━━━ EXCERPTED RECORDS

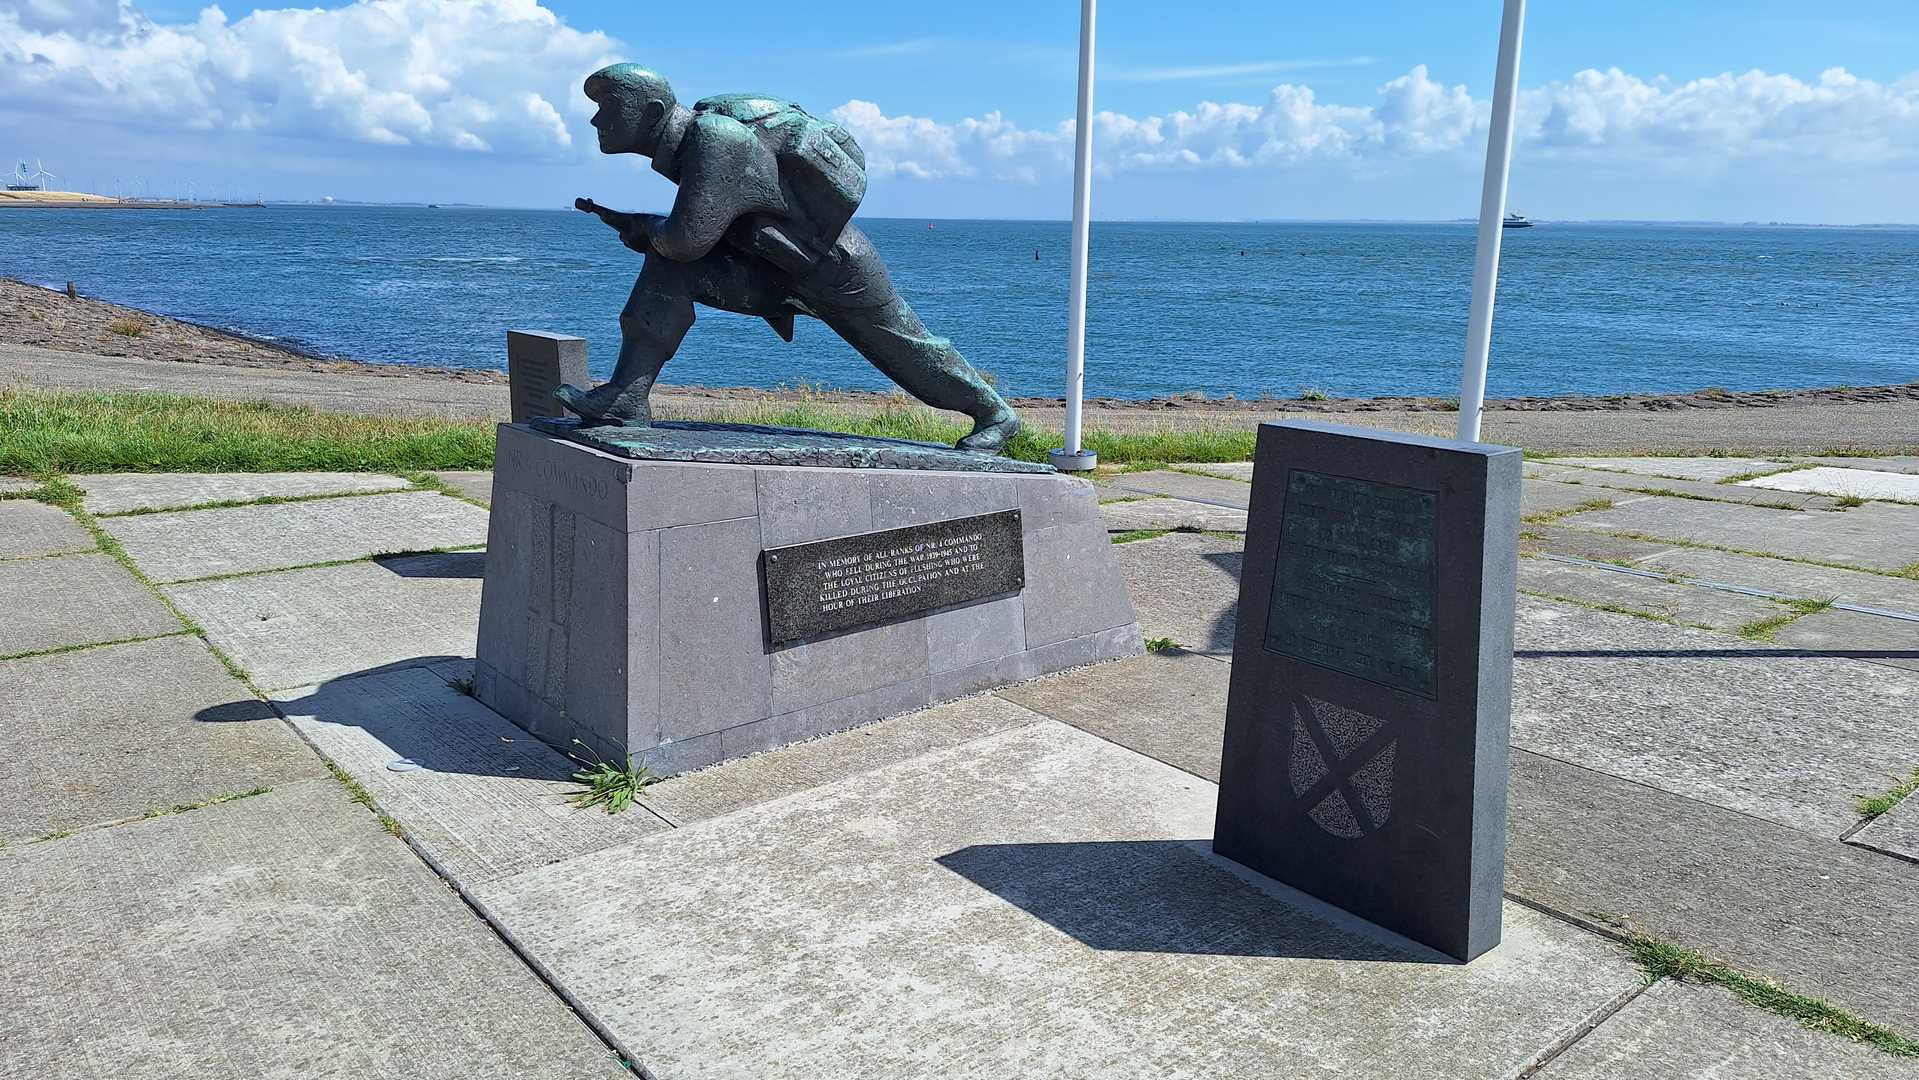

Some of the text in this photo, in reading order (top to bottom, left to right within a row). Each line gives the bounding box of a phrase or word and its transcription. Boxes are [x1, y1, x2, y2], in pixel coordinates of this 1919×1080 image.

[818, 560, 827, 570] IN
[829, 555, 860, 567] MEMORY
[863, 553, 873, 562] OF
[875, 551, 888, 559] ALL
[890, 546, 913, 557] RANKS
[915, 543, 924, 552] OF
[944, 533, 982, 546] COMMANDO
[824, 569, 843, 579] WHO
[845, 565, 861, 576] FELL
[865, 560, 892, 572] DURING
[894, 557, 908, 566] THE
[910, 553, 925, 562] WAR
[955, 546, 968, 554] AND
[970, 543, 978, 551] TO
[820, 562, 985, 602] KILLED DURING THE OCCUPATION AND AT THE
[823, 553, 982, 591] THE LOYAL CITIZENS OF FLUSHING WHO WERE
[822, 585, 921, 612] HOUR OF THEIR LIBERATION
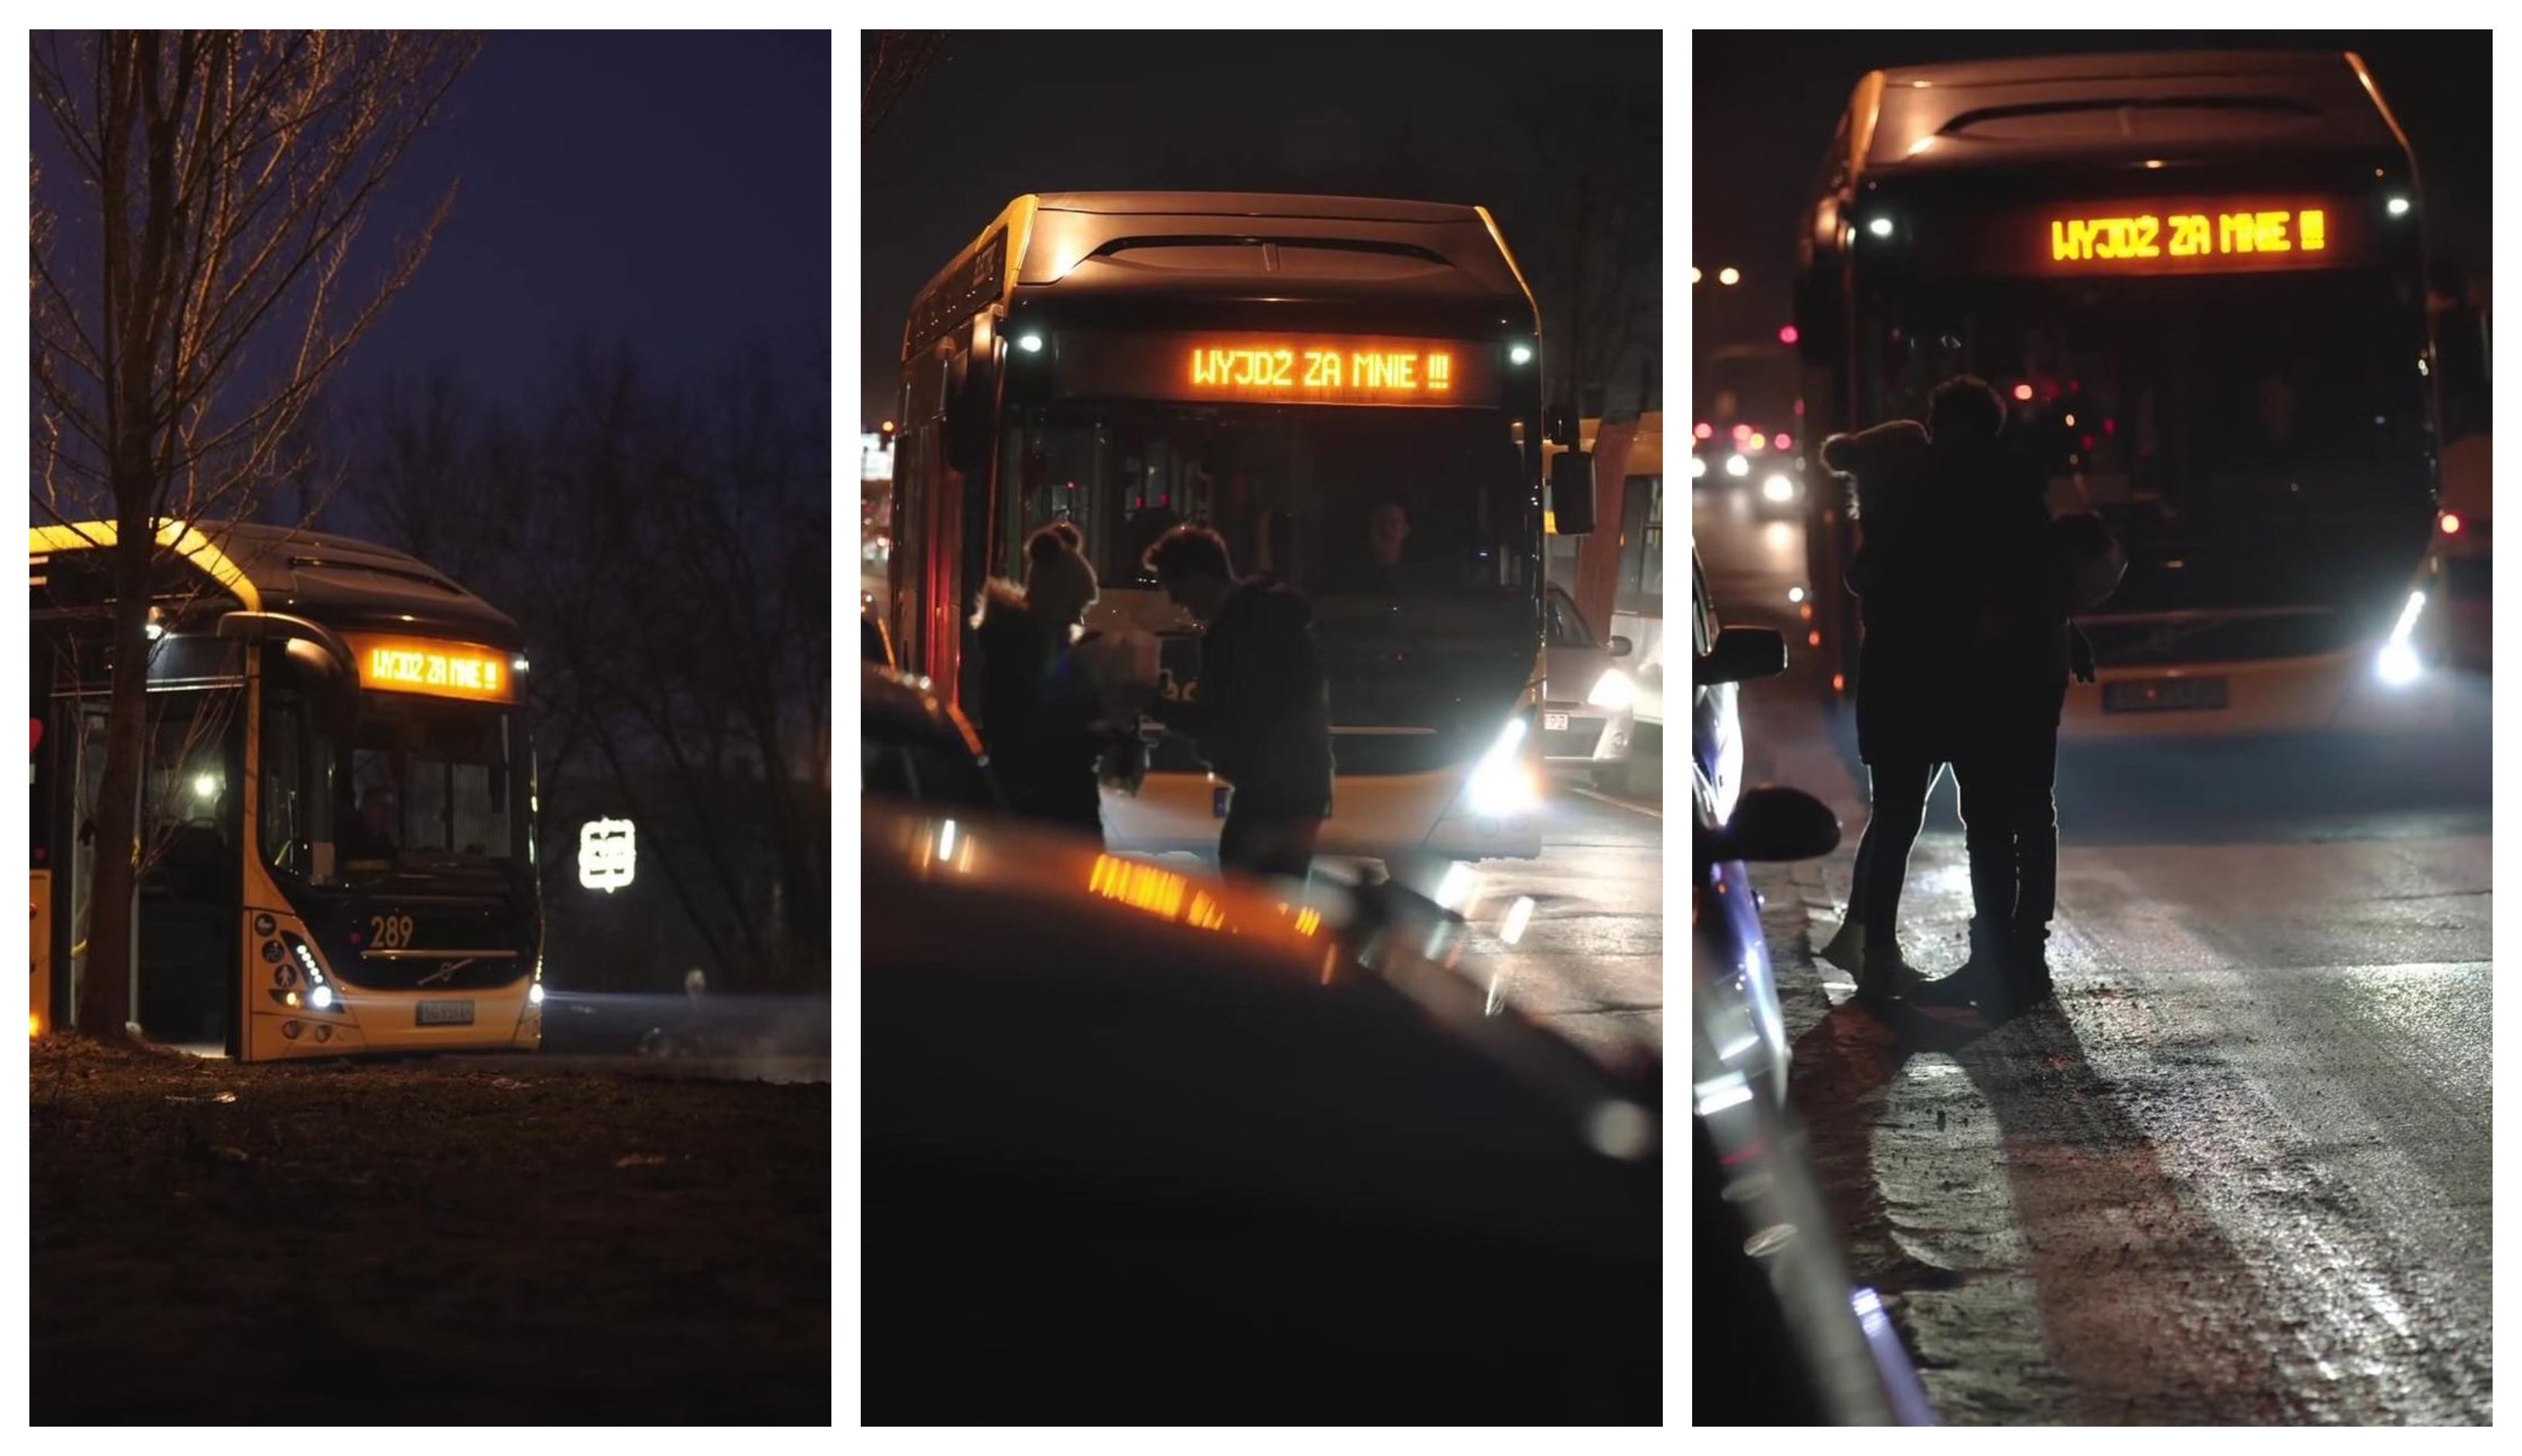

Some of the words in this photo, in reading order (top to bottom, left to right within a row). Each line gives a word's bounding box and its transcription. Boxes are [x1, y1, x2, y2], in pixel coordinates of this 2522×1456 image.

[2168, 215, 2211, 256] ZA
[2219, 211, 2291, 253] MNIE
[1303, 351, 1341, 387] ZA
[1352, 352, 1417, 389] MNIE
[1428, 354, 1449, 389] !!!
[426, 654, 447, 686] ZA
[371, 916, 413, 948] 289
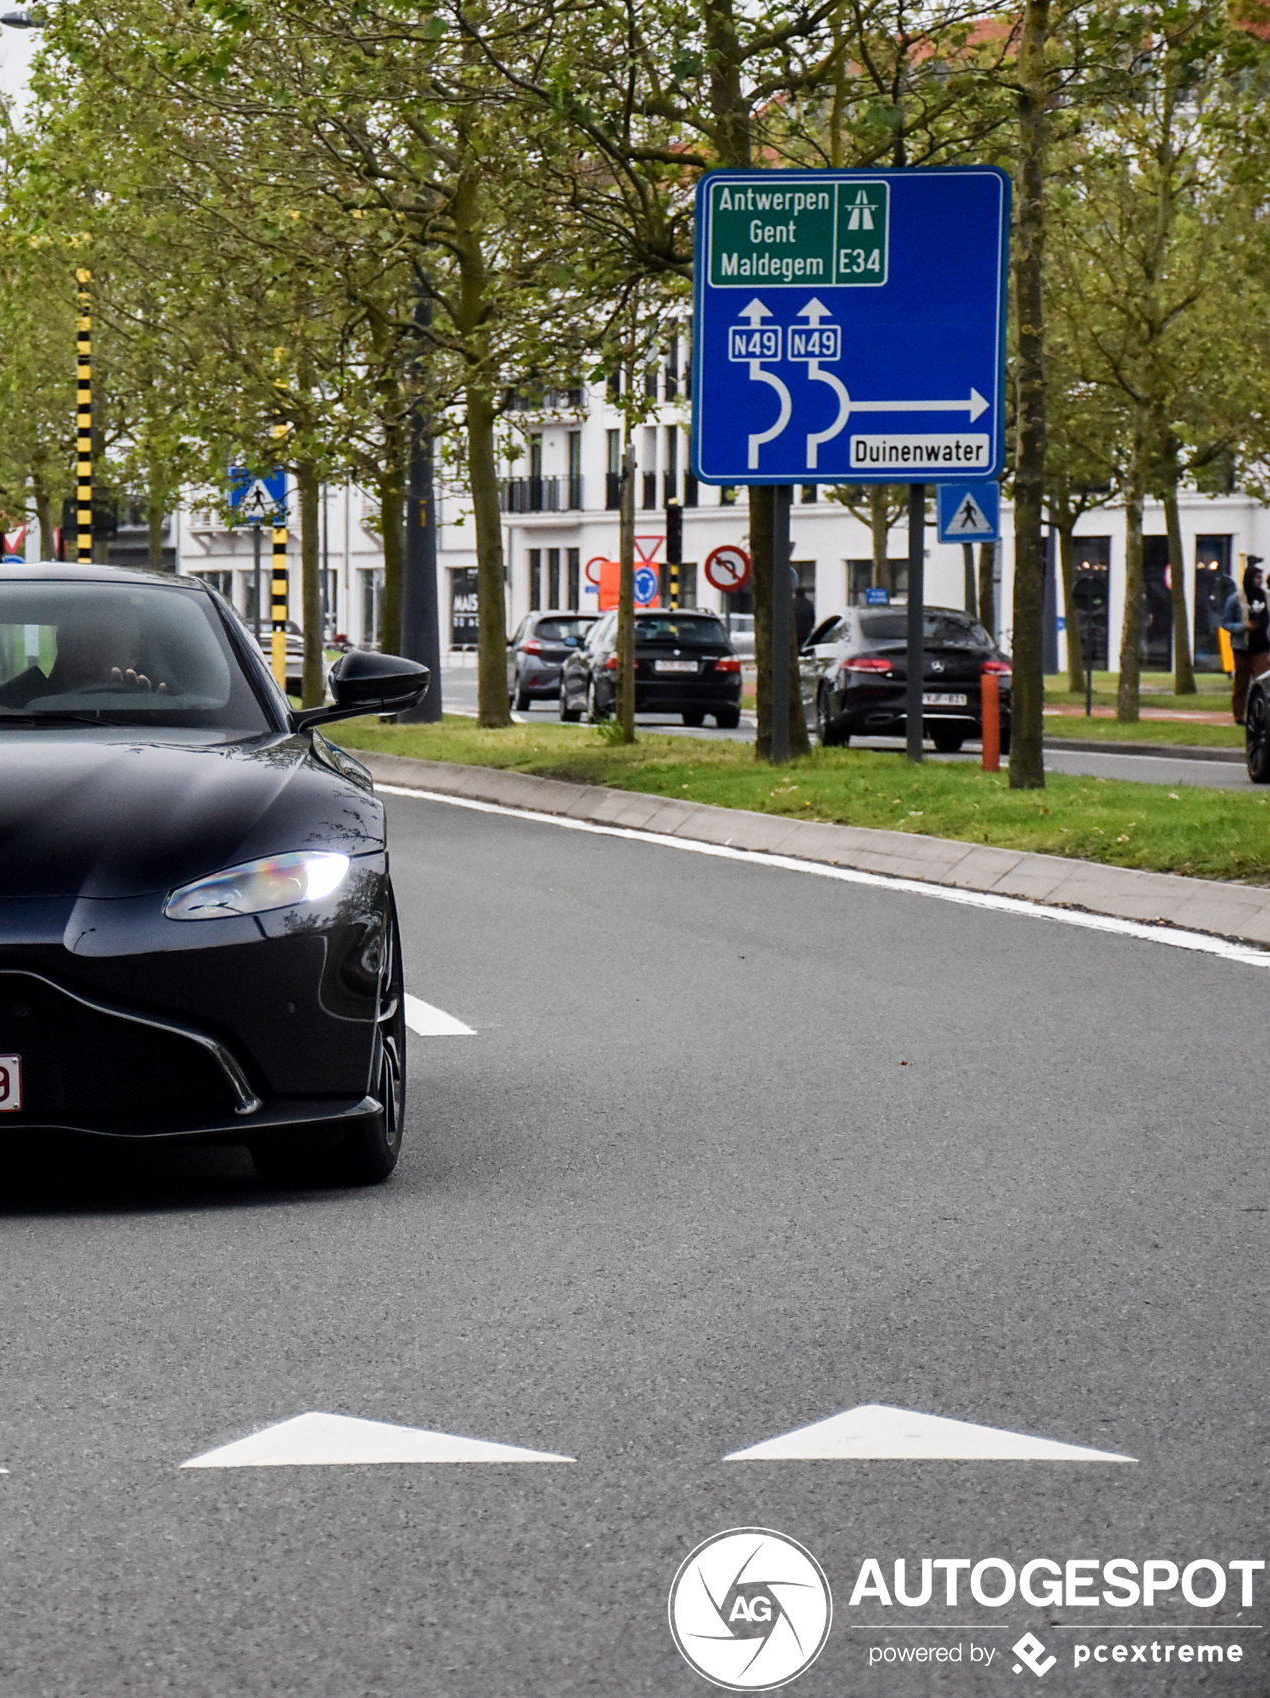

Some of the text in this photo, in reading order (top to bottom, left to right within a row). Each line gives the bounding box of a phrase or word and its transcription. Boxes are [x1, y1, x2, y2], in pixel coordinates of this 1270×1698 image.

━━━━━━

The answer is the whole listing above, written out verbatim, without its pictures.

**OUTPUT OF THE TASK**
Some of the text in this photo, in reading order (top to bottom, left to right within a row). Each line gives the bounding box of a phrase or word and its transcription. Boxes are [x1, y1, x2, y2], in pixel coordinates of this 1919×1080 image.

[818, 560, 827, 570] IN
[829, 555, 860, 567] MEMORY
[863, 553, 873, 562] OF
[875, 551, 888, 559] ALL
[890, 546, 913, 557] RANKS
[915, 543, 924, 552] OF
[944, 533, 982, 546] COMMANDO
[824, 569, 843, 579] WHO
[845, 565, 861, 576] FELL
[865, 560, 892, 572] DURING
[894, 557, 908, 566] THE
[910, 553, 925, 562] WAR
[955, 546, 968, 554] AND
[970, 543, 978, 551] TO
[820, 562, 985, 602] KILLED DURING THE OCCUPATION AND AT THE
[823, 553, 982, 591] THE LOYAL CITIZENS OF FLUSHING WHO WERE
[822, 585, 921, 612] HOUR OF THEIR LIBERATION

Some of the words in this photo, in reading order (top to bottom, left to right within a row). Each line gives a word's bounding box and its transcription. Boxes are [x1, y1, x2, y2], in pixel coordinates of this 2522×1456 image.

[2168, 215, 2211, 256] ZA
[2219, 211, 2291, 253] MNIE
[1303, 351, 1341, 387] ZA
[1352, 352, 1417, 389] MNIE
[1428, 354, 1449, 389] !!!
[426, 654, 447, 686] ZA
[371, 916, 413, 948] 289

Some of the text in this photo, in reading order (top to bottom, left to right within a row). Each line gives the bounding box of a phrase or word and its transcription. Boxes are [x1, y1, x2, y2], in pixel coordinates of this 1270×1698 image.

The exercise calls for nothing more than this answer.